Monzo losses double as UK digital bank warns of pandemic uncertainty

A Monzo debit card being used at a payment terminal.

Monzo

British digital bank Monzo said Thursday that its annual losses more than doubled and warned its ability to continue operating had become more uncertain due to the coronavirus pandemic.

The start-up reported an annual post-tax loss of £113.8 million ($149.5 million) in its 2020 accounts, up from the £47.1 million it lost last year, amid investment on hiring, marketing and a U.S. expansion. That was despite revenues more than tripling to £67.2 million from £19.7 million.

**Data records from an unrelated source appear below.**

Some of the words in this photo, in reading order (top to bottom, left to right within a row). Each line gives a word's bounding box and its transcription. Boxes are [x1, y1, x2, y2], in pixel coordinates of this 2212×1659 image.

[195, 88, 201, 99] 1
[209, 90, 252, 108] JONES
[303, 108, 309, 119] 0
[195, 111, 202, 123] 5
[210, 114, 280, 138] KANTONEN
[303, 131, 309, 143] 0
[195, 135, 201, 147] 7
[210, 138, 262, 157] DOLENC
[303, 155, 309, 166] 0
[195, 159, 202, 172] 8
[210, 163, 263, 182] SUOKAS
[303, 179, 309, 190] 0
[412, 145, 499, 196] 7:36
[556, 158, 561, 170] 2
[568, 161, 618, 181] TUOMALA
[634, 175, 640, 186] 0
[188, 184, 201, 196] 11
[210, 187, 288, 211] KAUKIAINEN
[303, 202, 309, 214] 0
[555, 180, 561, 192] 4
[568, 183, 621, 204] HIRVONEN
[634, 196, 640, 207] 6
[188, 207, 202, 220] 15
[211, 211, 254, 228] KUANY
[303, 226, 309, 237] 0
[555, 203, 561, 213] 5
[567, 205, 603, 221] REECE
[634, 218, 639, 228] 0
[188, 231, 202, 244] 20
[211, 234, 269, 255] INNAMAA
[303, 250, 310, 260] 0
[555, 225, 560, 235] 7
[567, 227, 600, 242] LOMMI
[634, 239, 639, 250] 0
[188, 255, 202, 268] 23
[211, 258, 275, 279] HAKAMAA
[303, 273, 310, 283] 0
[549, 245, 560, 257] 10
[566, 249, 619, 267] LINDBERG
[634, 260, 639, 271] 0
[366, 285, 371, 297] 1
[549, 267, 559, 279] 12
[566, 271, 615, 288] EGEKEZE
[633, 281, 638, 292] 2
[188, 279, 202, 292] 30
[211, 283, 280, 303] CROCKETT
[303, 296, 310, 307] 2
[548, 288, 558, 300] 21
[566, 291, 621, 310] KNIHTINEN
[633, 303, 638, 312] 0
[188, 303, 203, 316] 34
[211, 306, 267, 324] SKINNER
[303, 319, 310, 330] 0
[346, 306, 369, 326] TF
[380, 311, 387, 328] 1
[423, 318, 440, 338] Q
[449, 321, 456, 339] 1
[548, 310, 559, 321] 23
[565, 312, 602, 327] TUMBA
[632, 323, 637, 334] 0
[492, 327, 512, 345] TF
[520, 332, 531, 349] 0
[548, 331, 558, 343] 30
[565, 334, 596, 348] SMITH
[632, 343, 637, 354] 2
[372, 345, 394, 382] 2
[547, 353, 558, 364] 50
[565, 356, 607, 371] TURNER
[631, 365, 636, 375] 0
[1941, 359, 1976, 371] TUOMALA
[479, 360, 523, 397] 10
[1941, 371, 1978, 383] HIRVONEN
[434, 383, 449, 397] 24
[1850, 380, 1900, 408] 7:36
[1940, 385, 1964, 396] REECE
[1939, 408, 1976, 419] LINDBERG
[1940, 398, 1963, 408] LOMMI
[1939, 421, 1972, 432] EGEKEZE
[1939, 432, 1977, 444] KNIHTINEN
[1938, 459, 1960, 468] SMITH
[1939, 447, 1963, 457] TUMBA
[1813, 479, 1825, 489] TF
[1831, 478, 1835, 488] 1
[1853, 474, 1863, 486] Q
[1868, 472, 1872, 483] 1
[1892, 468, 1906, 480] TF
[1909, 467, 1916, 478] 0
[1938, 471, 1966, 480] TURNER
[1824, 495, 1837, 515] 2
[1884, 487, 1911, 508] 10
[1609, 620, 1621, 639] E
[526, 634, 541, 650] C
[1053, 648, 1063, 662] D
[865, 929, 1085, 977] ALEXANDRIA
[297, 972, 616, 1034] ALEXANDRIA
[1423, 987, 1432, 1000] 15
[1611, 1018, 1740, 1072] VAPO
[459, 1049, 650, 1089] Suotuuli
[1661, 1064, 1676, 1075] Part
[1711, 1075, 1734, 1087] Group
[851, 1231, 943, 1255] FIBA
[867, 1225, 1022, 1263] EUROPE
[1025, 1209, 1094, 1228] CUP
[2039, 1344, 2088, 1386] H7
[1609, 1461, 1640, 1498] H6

Monzo lent out a record £143.9 million, compared to £19.2 million in its 2019 results. But it expects credit losses to climb dramatically to £20.3 million from £3.9 million, with £4.1 million of that sum being set aside for a heightened default risk associated with the pandemic.

In a sign of the toll the crisis has taken on some start-ups, Monzo said the disruption resulting from Covid-19 has led to “significant doubt” about its ability to continue “as a going concern.”

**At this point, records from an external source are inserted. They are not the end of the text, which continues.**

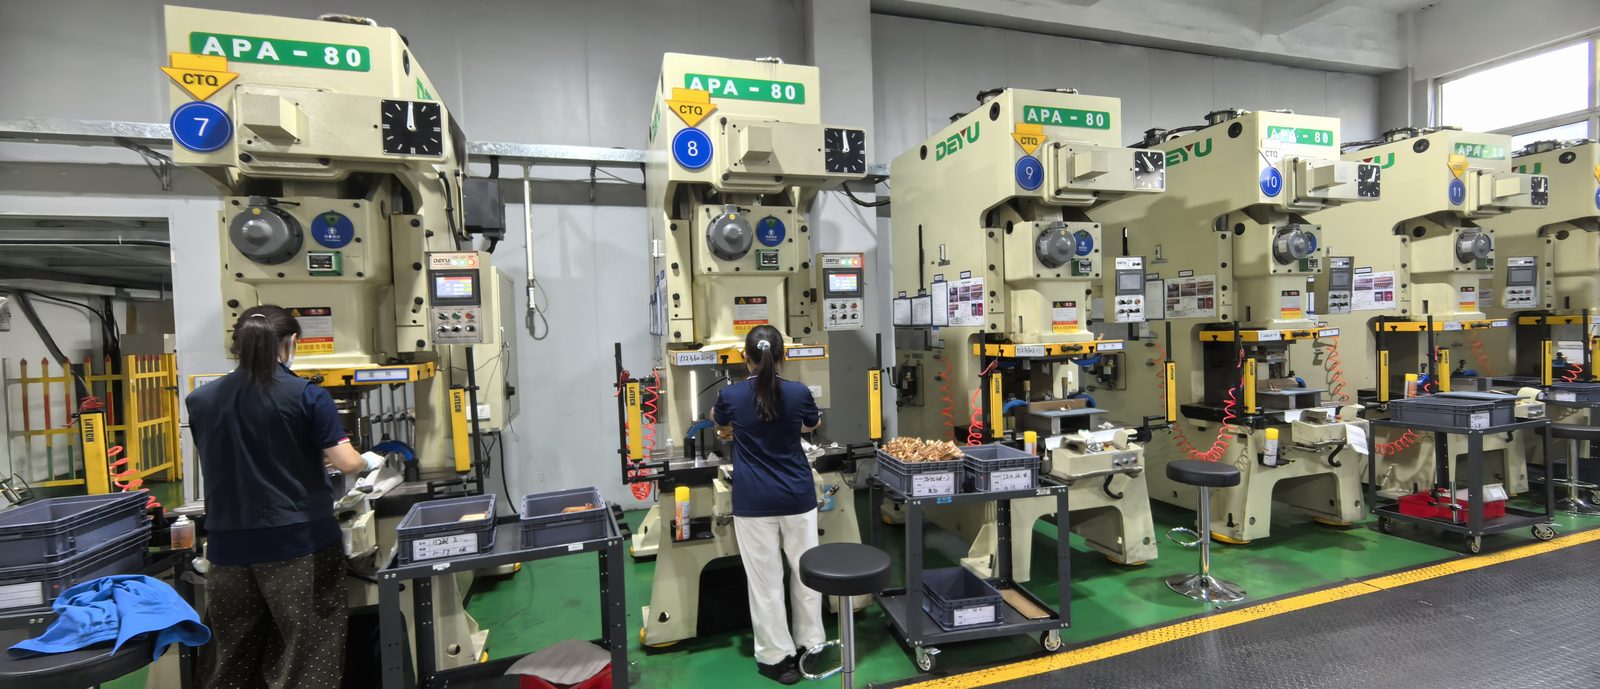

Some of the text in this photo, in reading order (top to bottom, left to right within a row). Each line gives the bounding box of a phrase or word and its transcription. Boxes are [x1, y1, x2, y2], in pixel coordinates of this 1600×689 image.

[202, 36, 280, 62] APA
[324, 46, 361, 67] 80
[182, 73, 219, 88] CTQ
[690, 76, 738, 96] APA
[771, 83, 796, 100] 80
[679, 104, 703, 116] CTQ
[1027, 108, 1063, 124] APA
[1085, 112, 1104, 127] 80
[194, 117, 210, 137] 7
[936, 121, 980, 162] DEYU
[1020, 136, 1038, 146] CTQ
[1314, 131, 1329, 144] 80
[687, 140, 699, 157] 8
[1166, 137, 1212, 168] EYU
[1025, 166, 1034, 180] 9
[1266, 176, 1278, 188] 10
[1452, 186, 1461, 198] 11
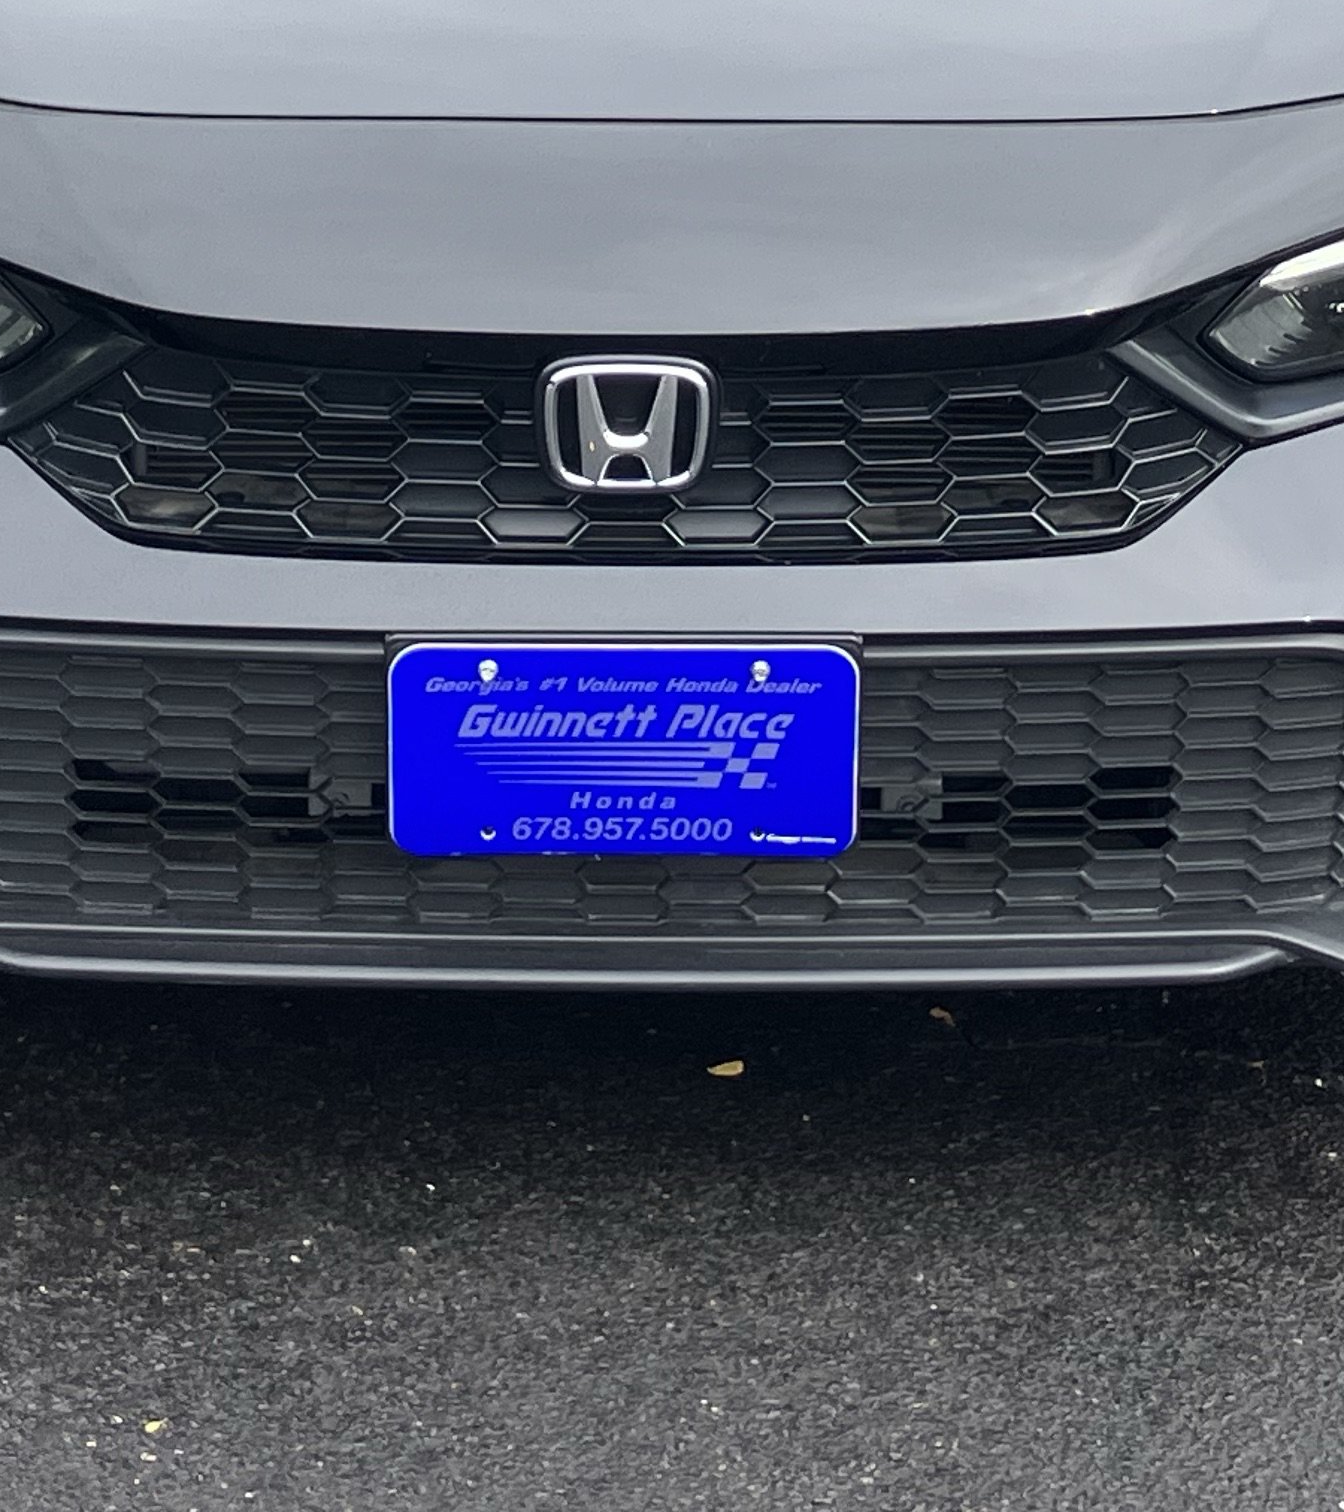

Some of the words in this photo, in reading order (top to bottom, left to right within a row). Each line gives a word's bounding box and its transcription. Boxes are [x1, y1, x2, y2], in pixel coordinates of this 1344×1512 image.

[425, 676, 530, 696] Georgia's
[539, 676, 568, 692] #1
[578, 676, 659, 693] Volume
[666, 677, 739, 694] Honda
[745, 677, 823, 694] Dealer
[457, 703, 658, 738] Gwinnett
[665, 703, 796, 739] Place
[569, 791, 677, 810] Honda
[511, 816, 733, 842] 678.957.5000

“Our revenue streams have been significantly impacted by the COVID-19 pandemic and resulting macro-economic uncertainty,” Monzo said in its report. “Regulatory reviews will also lead to stricter financial crime requirements.”

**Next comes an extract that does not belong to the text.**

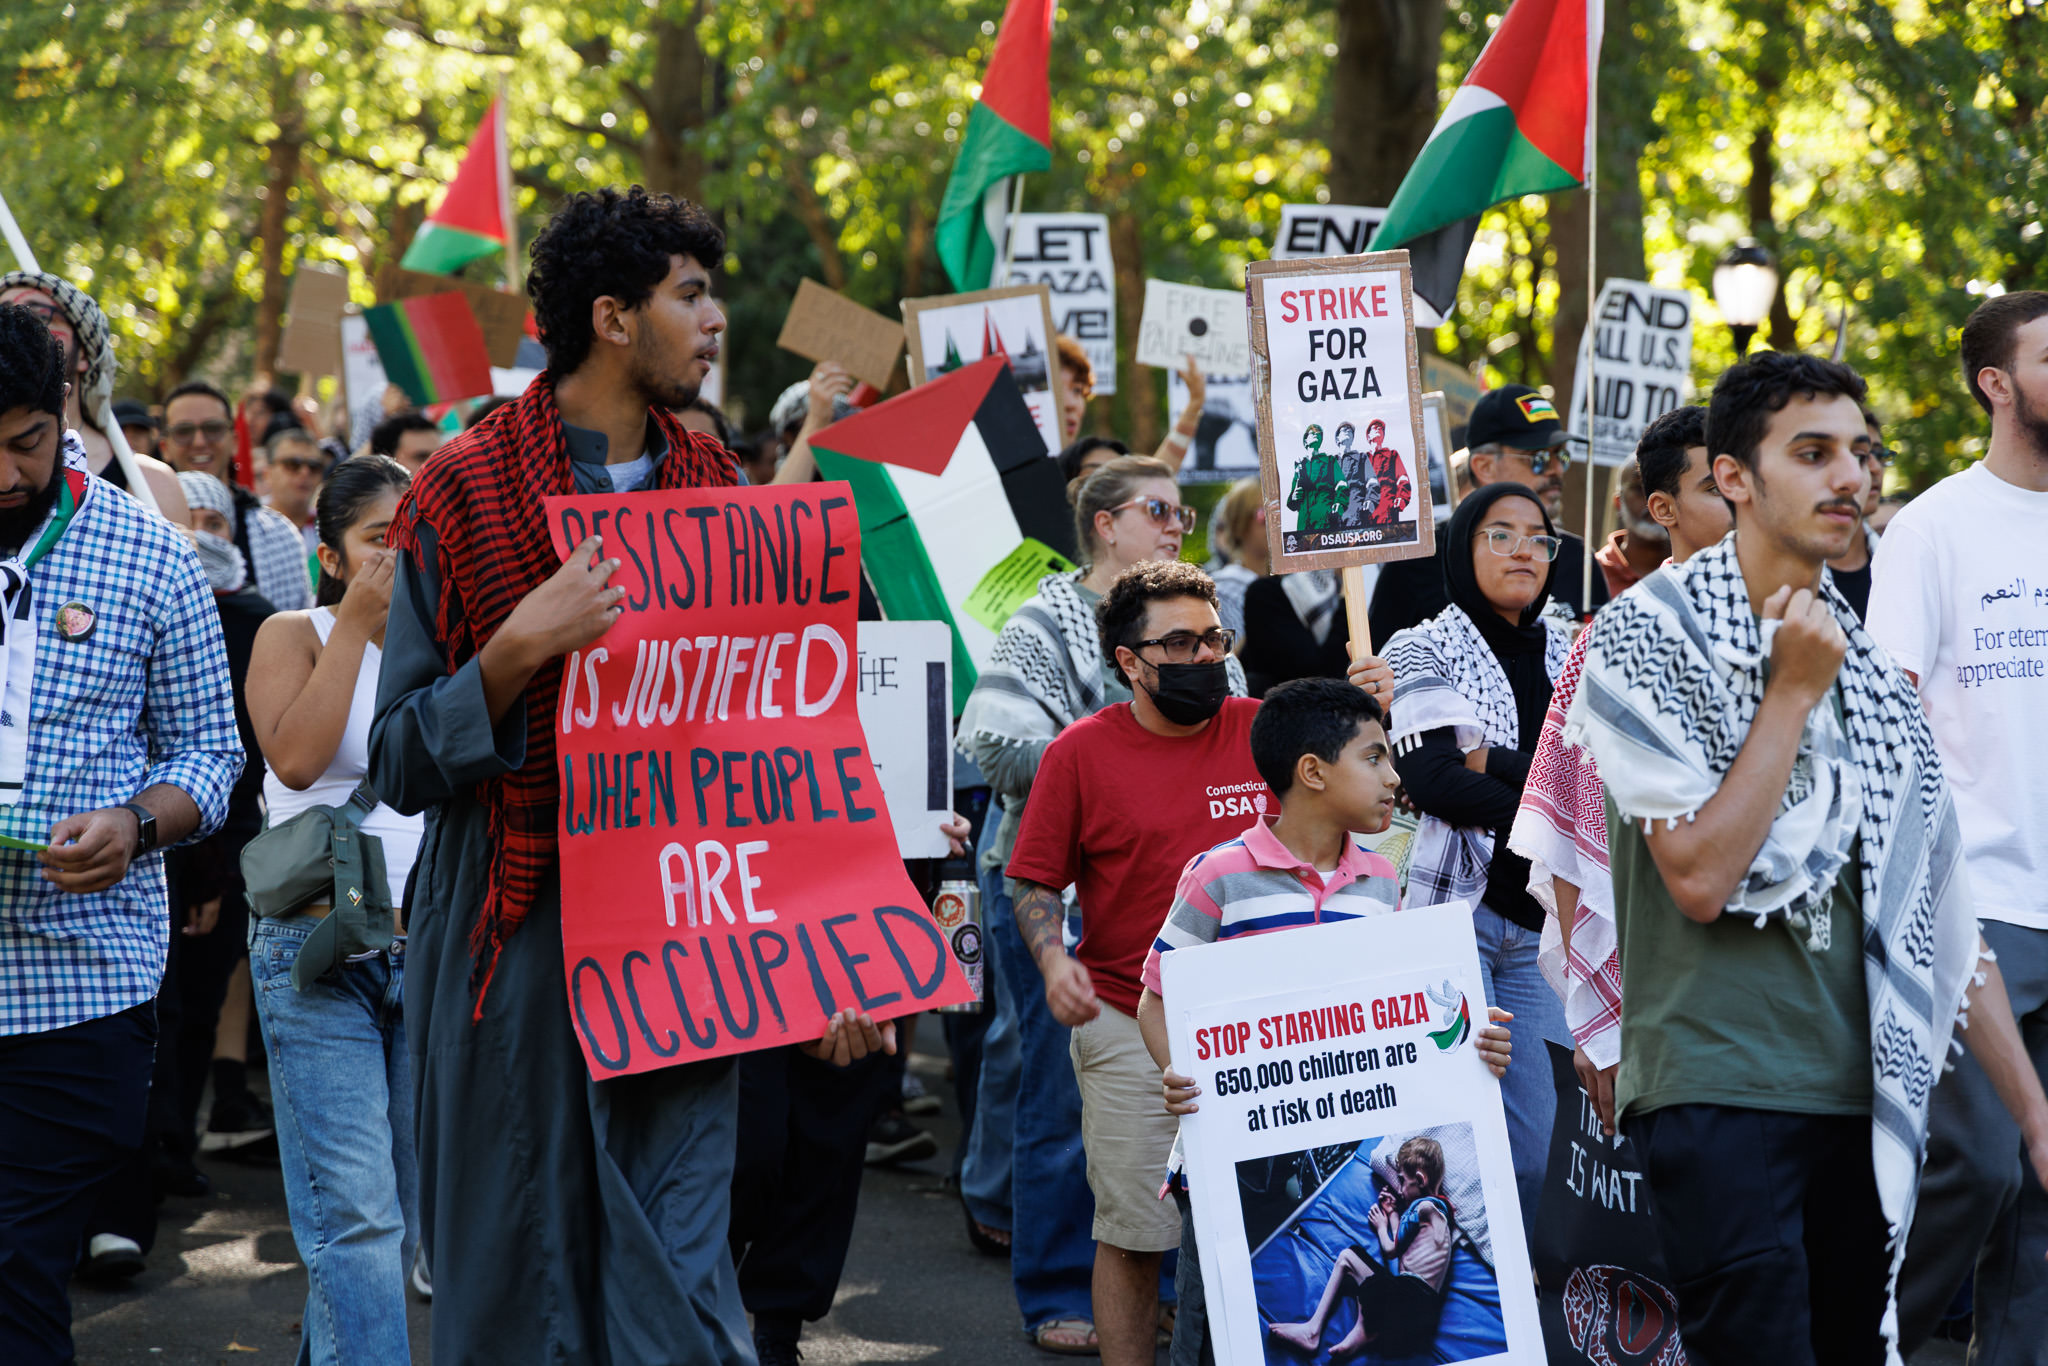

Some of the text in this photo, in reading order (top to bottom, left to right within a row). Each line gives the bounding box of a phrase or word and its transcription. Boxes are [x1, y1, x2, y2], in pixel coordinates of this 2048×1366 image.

“This may result in lower forecasted customer numbers and revenues, along with increased costs associated with correcting areas of concern. This increases the risk that the Group will not be able to execute its business plan, which could adversely impact its ability to generate a profit or raise sufficient capital to meet future regulatory capital requirements.”

Matt Clifford, founder of London-based start-up investor Entrepreneur First, said such statements aren’t typical of young tech companies with access to venture capital, or VC, funding.

“Those accountant statements aren’t really built for start-ups,” he told CNBC. “Almost all growth companies aren’t really a going concern by conventional standards without access to more VC.”

It’s been a tough year for Monzo, which saw its market value slashed by 40% to £1.25 billion last month due to the harsh impact of Covid-19. German app-based bank N26 and U.K. peer Revolut maintained their respective $3.5 billion and $5.5 billion valuations in recent fundraising deals, while money transfer firm TransferWise saw its value climb to $5 billion in a secondary share sale.

The big challenge for Monzo now is figuring out how to make money from its 4.4 million users. The challenger bank currently generates most of its revenue from fees generated every time a customer uses their card, however it recently relaunched a premium account called Monzo Plus in a bid to diversify its revenue streams. The firm said Thursday that it would launch another premium banking product that includes travel-related features in the next fiscal year.

Monzo said last month it would have to lay off 120 employees to weather the crisis and earlier this year also shuttered a customer support office in Las Vegas. In its annual report, the bank said it was aiming to avoid further redundancies. The firm’s co-founder Tom Blomfield recently stepped down as CEO to take on a more product-focused role as president, with U.S. chief TS Anil taking his place.